Does James Bond help raise Aston awareness globally?

Yes – that’s why Bond is so important to us. Everybody knows Aston as Bond’s car, and that helps. But we can use Bond to teach people why he drives the car: he’s a handsome guy, he’s very athletic, he likes to dress well, he likes the good things in life and he’s a little bit naughty – those are all the symptoms of what an Aston Martin is. Then we have to start a dialogue beyond Bond to explain what Aston Martin is, like the craftsmanship – there’s only one robot in our factory.

It’s all that which needs to come through, and it’s been a bit lost previously. On the marketing side, we also have our relationship with Serena Williams – she’s really at the top of her game right now. She’s a fan of the cars and she’s been up to our HQ in Gaydon – and she’s huge in the States.

Does it matter where Aston Martins are built?

Aston built the Rapide in Austria for a while, and we’re having this debate now as to where we build the DBX. We’re asked if we’d build a car somewhere else like Alabama? It’s a factor, but I don’t think it’s as black and white as people imagine.
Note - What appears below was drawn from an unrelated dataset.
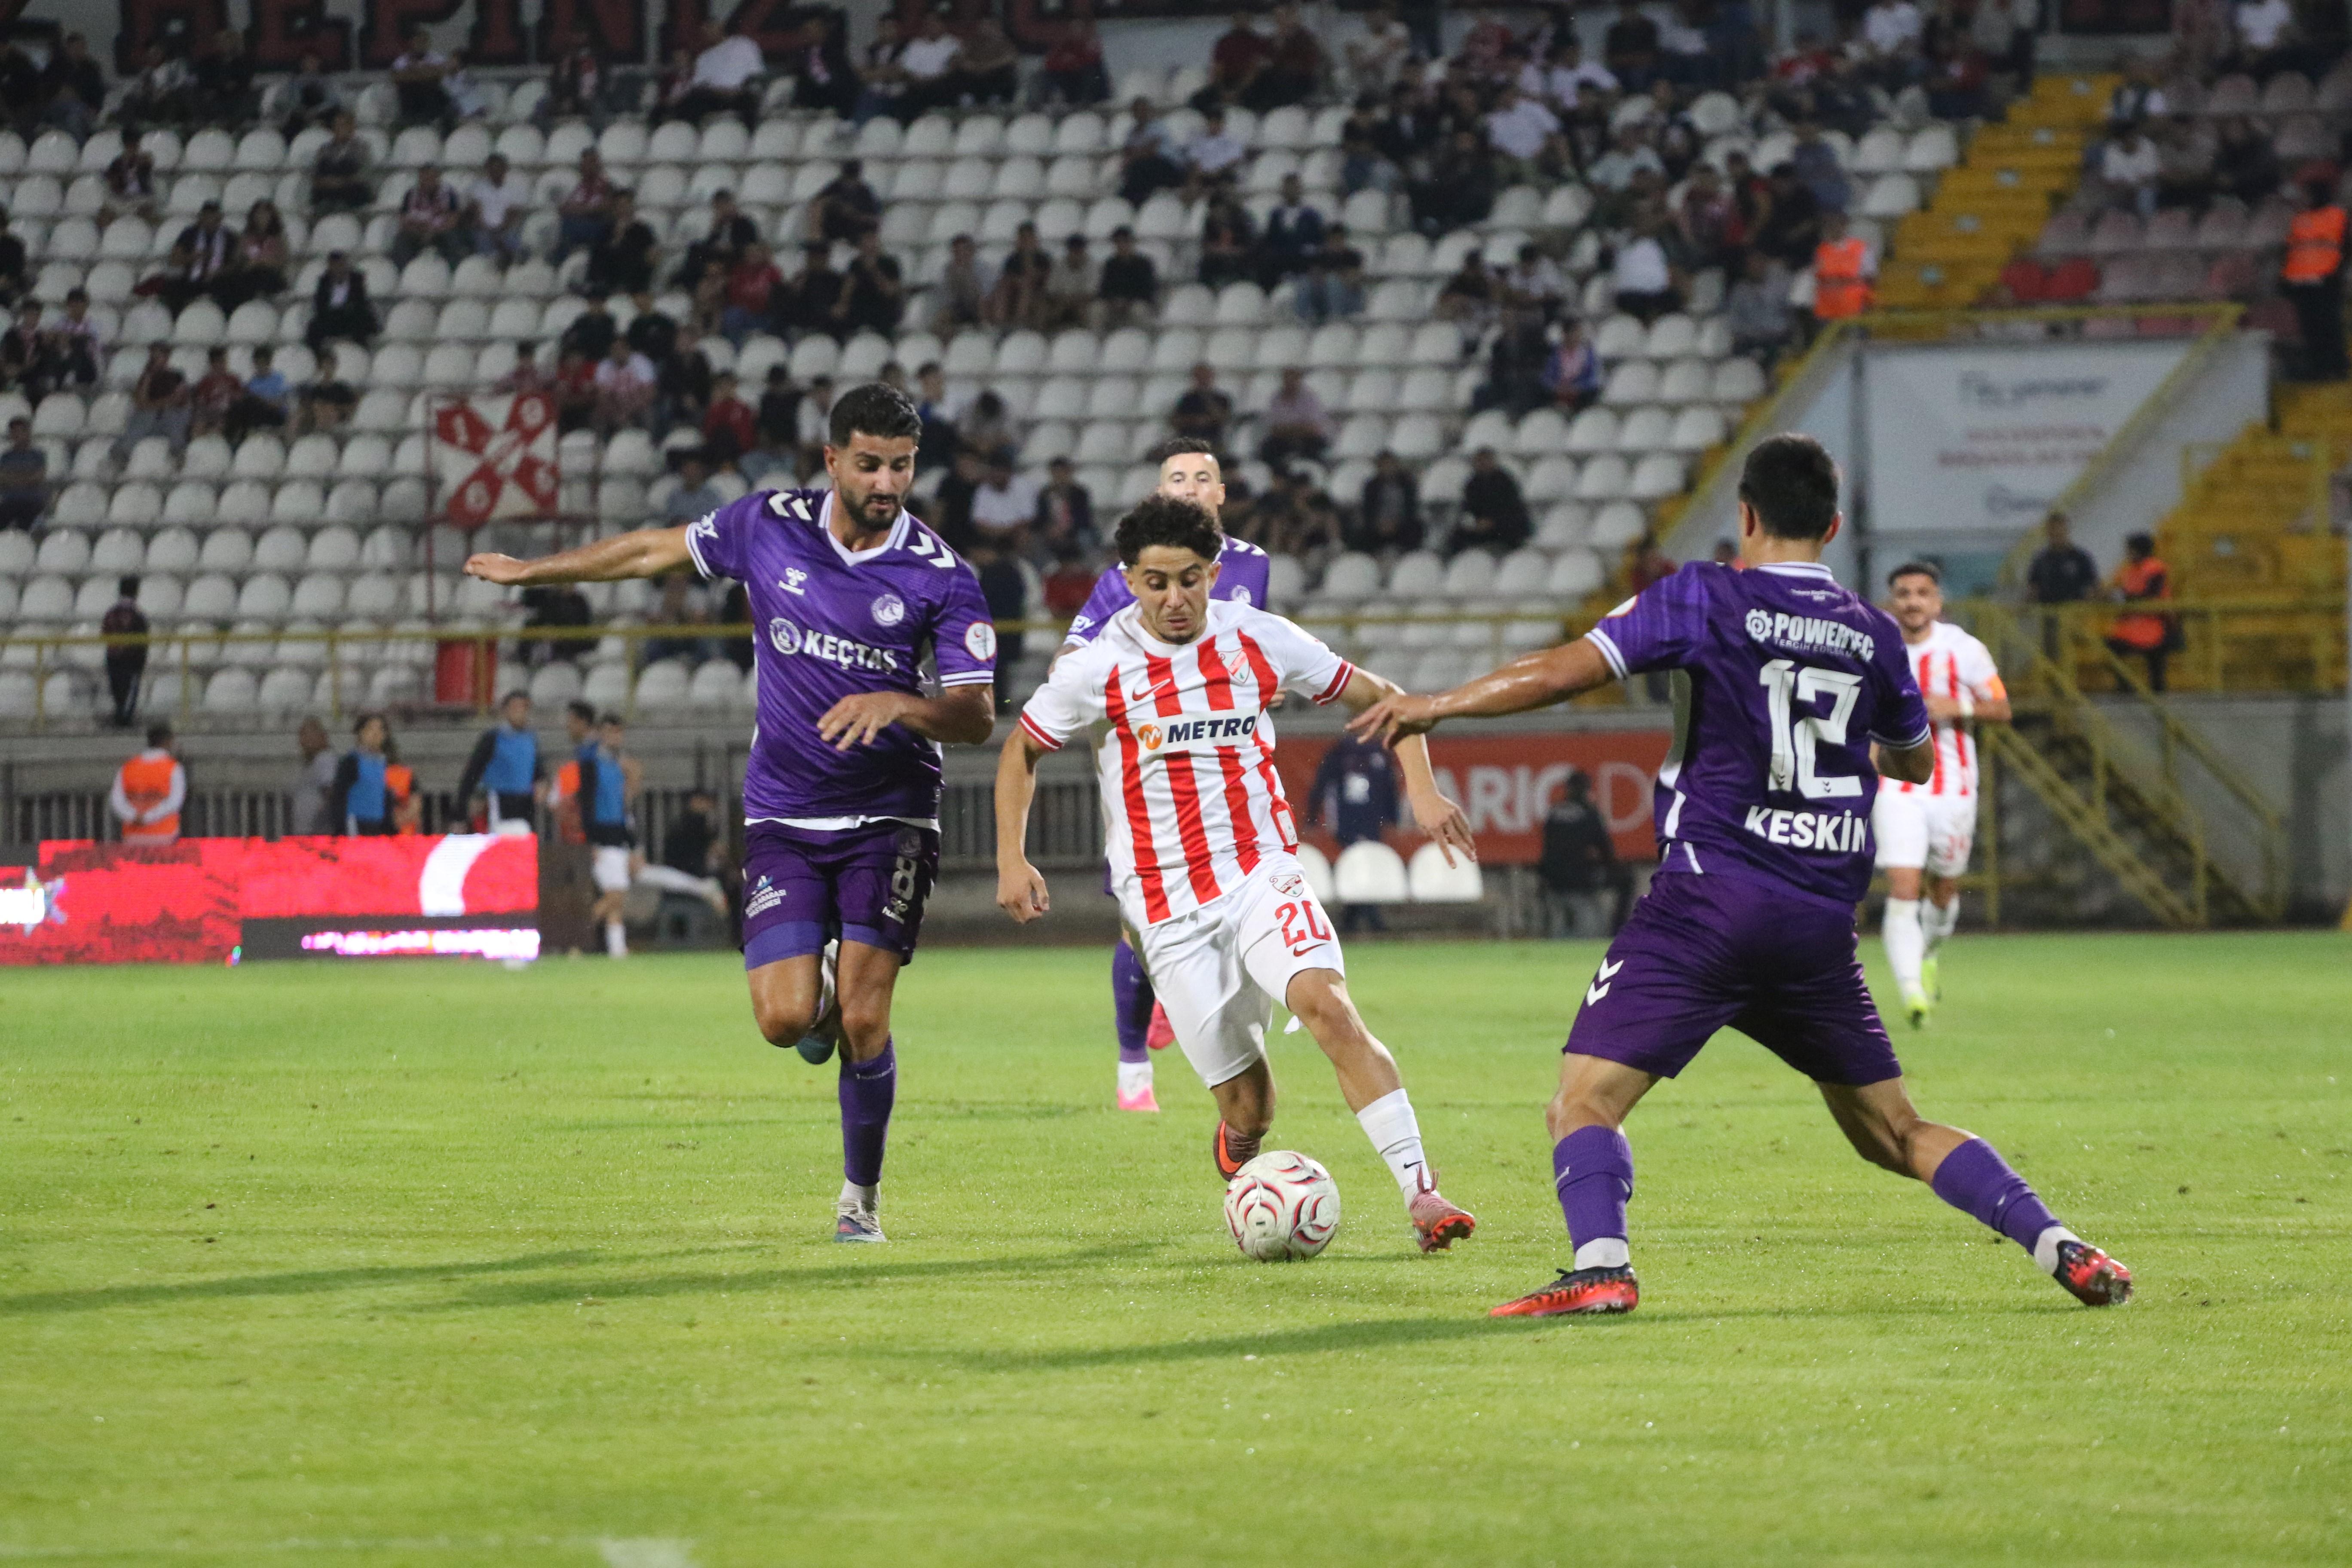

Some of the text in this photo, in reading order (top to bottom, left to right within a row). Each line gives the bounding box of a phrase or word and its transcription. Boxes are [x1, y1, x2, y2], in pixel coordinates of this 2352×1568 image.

Yes I’d rather build it in the UK, yes I’d rather use the craftsmanship we have but it’s not impossible to imagine – we’re not doing this for charity, we’ve got to get a business plan together, and the majority of the customers are in the US or China.

Which is the most important model in Aston’s future?

It’s got to be DBX – it’s the most important in terms of volume. We’ve all seen the transformation Porsche went through, we’re in a different market at a different level, but you saw the effect that Cayenne had. When you look at DBX and you see images of the Bentley Bentayga and the Rolls-Royce [SUV], there’s nothing else that exists like DBX.

You talk about your stewardship; how long will that be?

Well, I’m 52… Theoretically, there’s a fair runway ahead of me and there’s long enough to make a difference. I think we need the continuity, but it starts with this year –we’re going to be generating positive free cashflow. That helps us achieve cars like DBX – but what we need is the continuity that enables us to reinvest in new products.

I always wanted to be my own boss, but if we had to be owned by someone else to survive, then so be it. Ifyou were to ask me where I’d like to see the business, I’d like to see it owned by lots of British people and lots and lots of shareholders, independent and profitable.